■ WORK ITEM ■
What you return must be the data below, word for word, without any images.

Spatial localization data
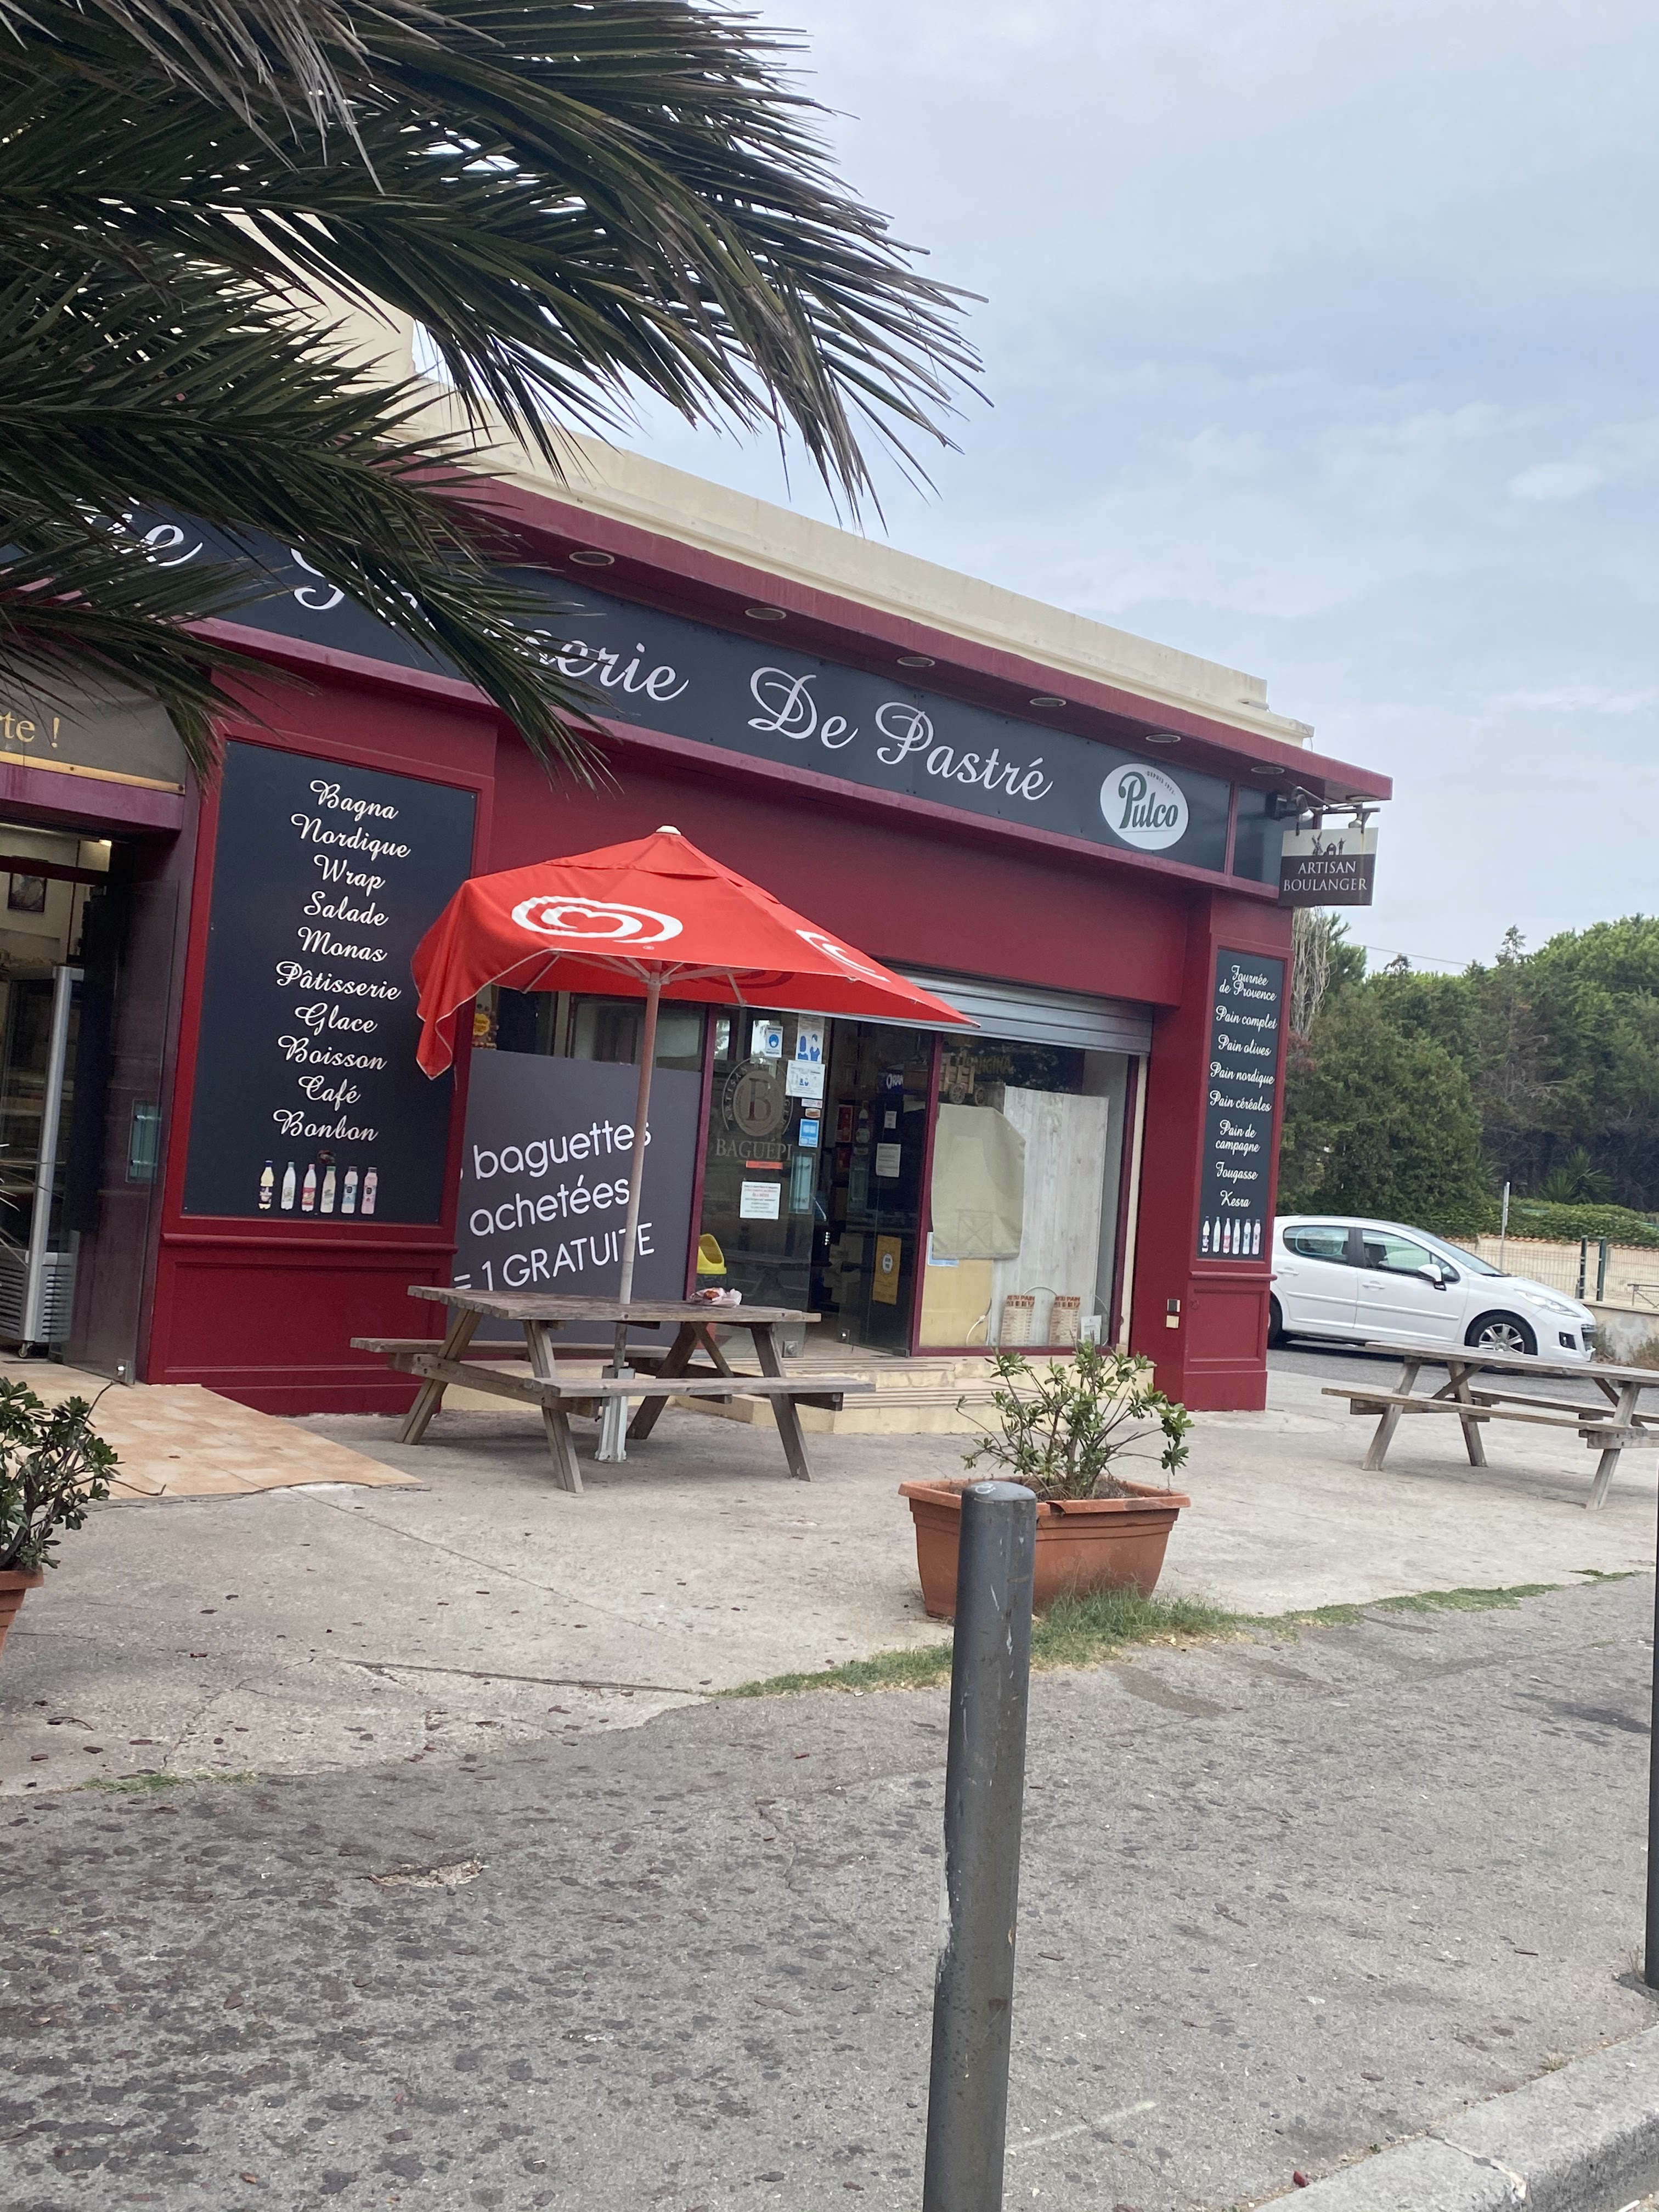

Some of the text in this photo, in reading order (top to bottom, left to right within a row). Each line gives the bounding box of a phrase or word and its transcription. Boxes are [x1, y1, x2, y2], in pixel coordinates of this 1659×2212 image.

[748, 666, 859, 749] De
[875, 702, 1053, 801] Pastré
[310, 780, 399, 822] Bagna
[1118, 771, 1178, 829] Pulco
[291, 813, 411, 861] Nordique
[313, 854, 386, 896] Wrap
[1298, 861, 1356, 874] ARTISAN
[1283, 878, 1367, 891] BOULANGER
[303, 890, 389, 926] Salade
[297, 926, 388, 962] Monas
[275, 961, 402, 1000] Pâtisserie
[1219, 979, 1277, 1001] de Provence
[295, 1002, 377, 1035] Glace
[1216, 1005, 1278, 1032] Pain complet
[278, 1035, 387, 1070] Boisson
[1218, 1034, 1272, 1056] Pain olives
[1210, 1062, 1274, 1088] Pain nordique
[298, 1075, 361, 1111] Café
[1210, 1090, 1272, 1112] Pain céréales
[273, 1109, 379, 1141] Bonbon
[1220, 1119, 1256, 1138] Pain de
[715, 1138, 793, 1161] BAGUÉPI
[1215, 1139, 1260, 1156] campagne
[1215, 1161, 1258, 1184] Fougasse
[470, 1175, 630, 1236] achetées
[1220, 1190, 1251, 1207] Kesra
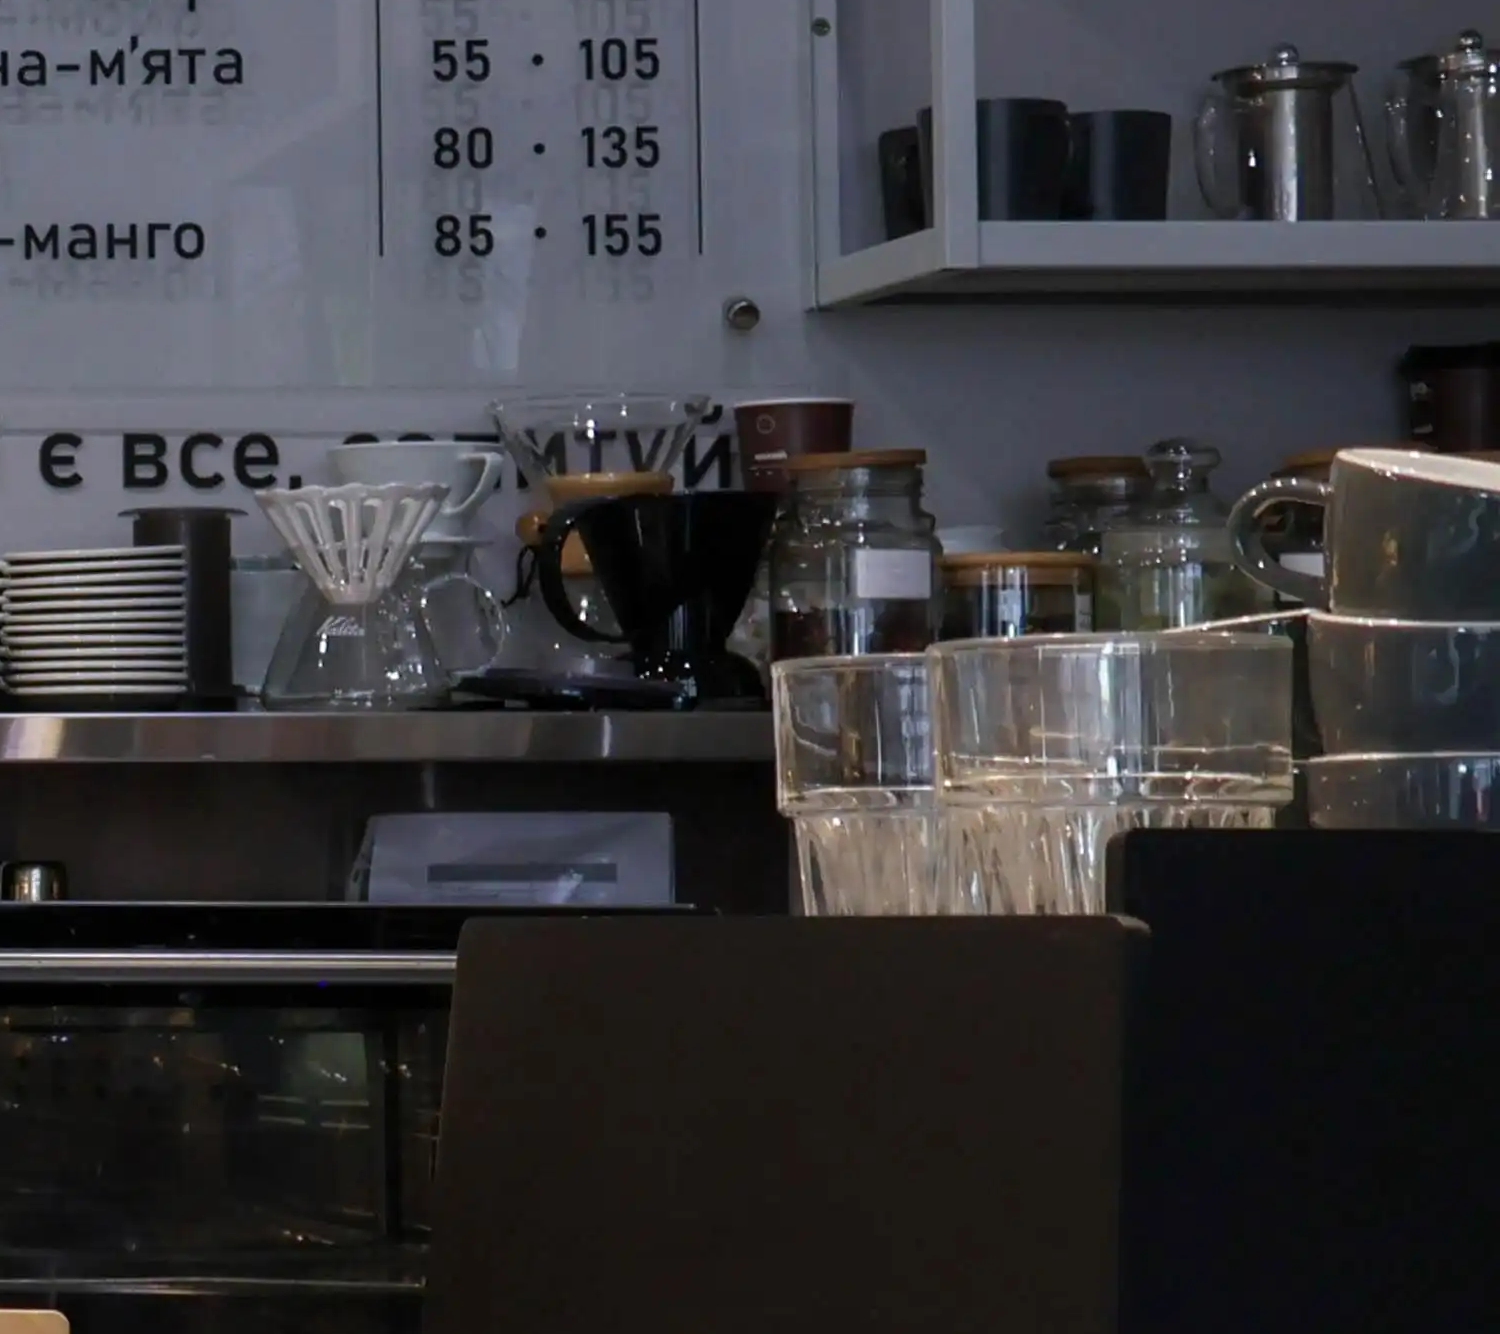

■ RESPONSE TO THE EXERCISE ■
Some of the text in this photo, in reading order (top to bottom, left to right within a row). Each line gives the bounding box of a phrase or word and its transcription. Boxes are [x1, y1, x2, y2], in pixel coordinates of this 1659×2212 image.

[748, 666, 859, 749] De
[875, 702, 1053, 801] Pastré
[310, 780, 399, 822] Bagna
[1118, 771, 1178, 829] Pulco
[291, 813, 411, 861] Nordique
[313, 854, 386, 896] Wrap
[1298, 861, 1356, 874] ARTISAN
[1283, 878, 1367, 891] BOULANGER
[303, 890, 389, 926] Salade
[297, 926, 388, 962] Monas
[275, 961, 402, 1000] Pâtisserie
[1219, 979, 1277, 1001] de Provence
[295, 1002, 377, 1035] Glace
[1216, 1005, 1278, 1032] Pain complet
[278, 1035, 387, 1070] Boisson
[1218, 1034, 1272, 1056] Pain olives
[1210, 1062, 1274, 1088] Pain nordique
[298, 1075, 361, 1111] Café
[1210, 1090, 1272, 1112] Pain céréales
[273, 1109, 379, 1141] Bonbon
[1220, 1119, 1256, 1138] Pain de
[715, 1138, 793, 1161] BAGUÉPI
[1215, 1139, 1260, 1156] campagne
[1215, 1161, 1258, 1184] Fougasse
[470, 1175, 630, 1236] achetées
[1220, 1190, 1251, 1207] Kesra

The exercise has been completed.